4. Procéder au contrôle
Le contrôle consiste à s’assurer que la reconnaissance de
caractère a donné de bons résultats. Pour la numérisation de texte,
la première étape consiste souvent à appliquer un correcteur
orthographique sur le fichier afin de détecter les fautes de
reconnaissance (confusion entre les caractères 8 et B, Z et 2, O et
0, L et I…). Dans un deuxième temps, on pourra comparer la cohérence
de certaines données d’identification (par exemples les numéros de
téléphone, les numéros RCS des entreprises, etc.)

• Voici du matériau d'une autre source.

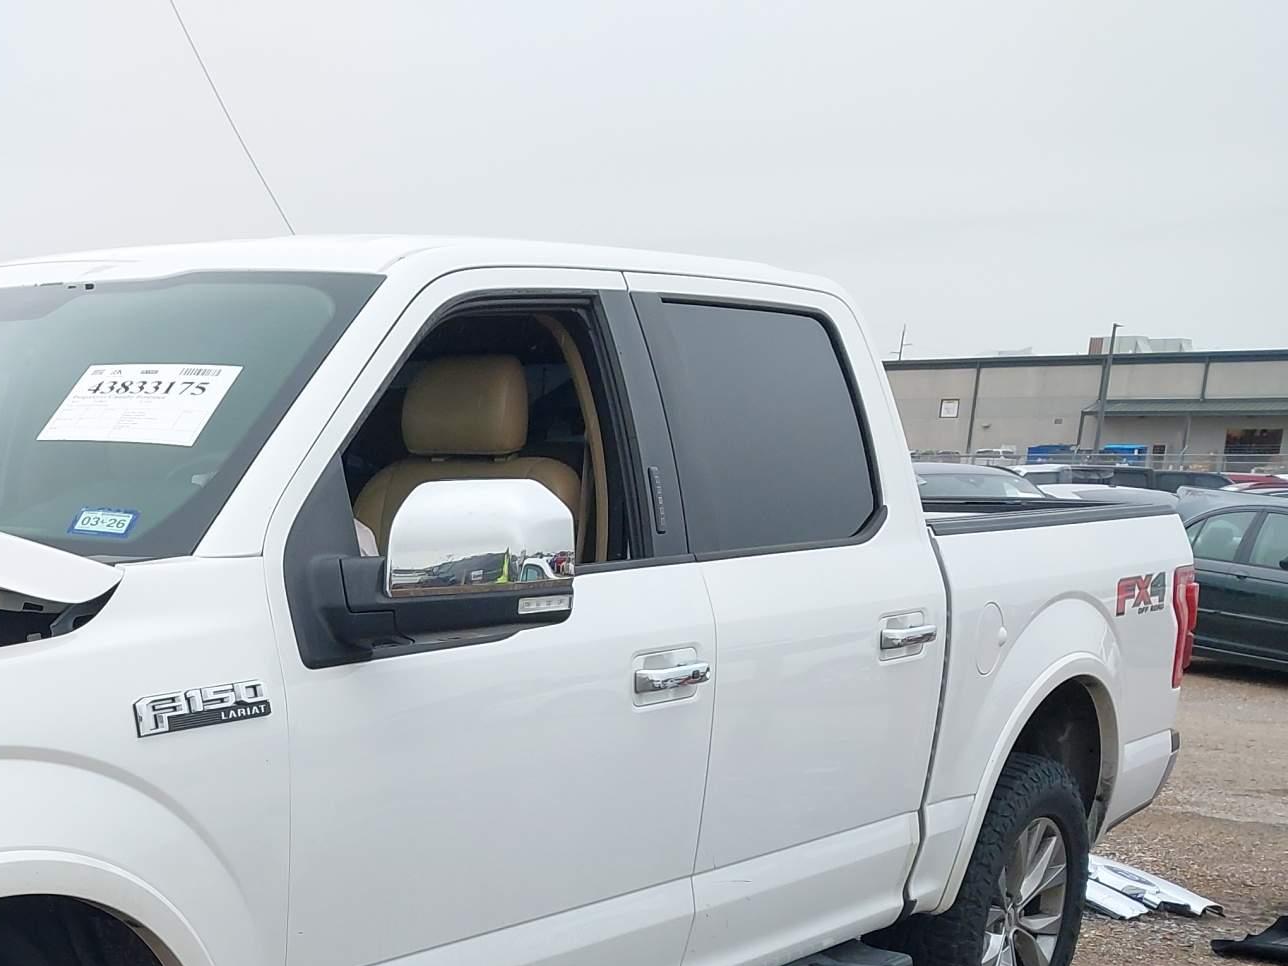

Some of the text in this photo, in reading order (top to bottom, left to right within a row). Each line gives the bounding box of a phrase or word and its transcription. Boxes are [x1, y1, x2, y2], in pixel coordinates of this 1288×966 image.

5. Référencer le document.
Les documents reconnus en totalité ou partiellement doivent être
classés (par thèmes, clients, produits…) Il s’agit donc d’associer
les documents à des images. Le classement automatisé des fichiers
numérisés dans les bons dossiers numériques peut être réalisé de
deux manières :
- Archivage des fichiers dans des répertoires dédiés sur un
serveur partagé,
- Application dédiée : les documents scannés sont intégrés
dans une base de données.
Le niveau de suivi du processus de numérisation des documents est
directement lié à la quantité des documents à numériser et à la
qualité intrinsèque des informations brutes.
En tout état de cause, un projet de couplage GED avec une base de
données est un moyen efficace pour sécuriser l’information,
fluidifier les circuits administratifs et assurer un
partage plus efficace des données nécessaires pour l’entreprise.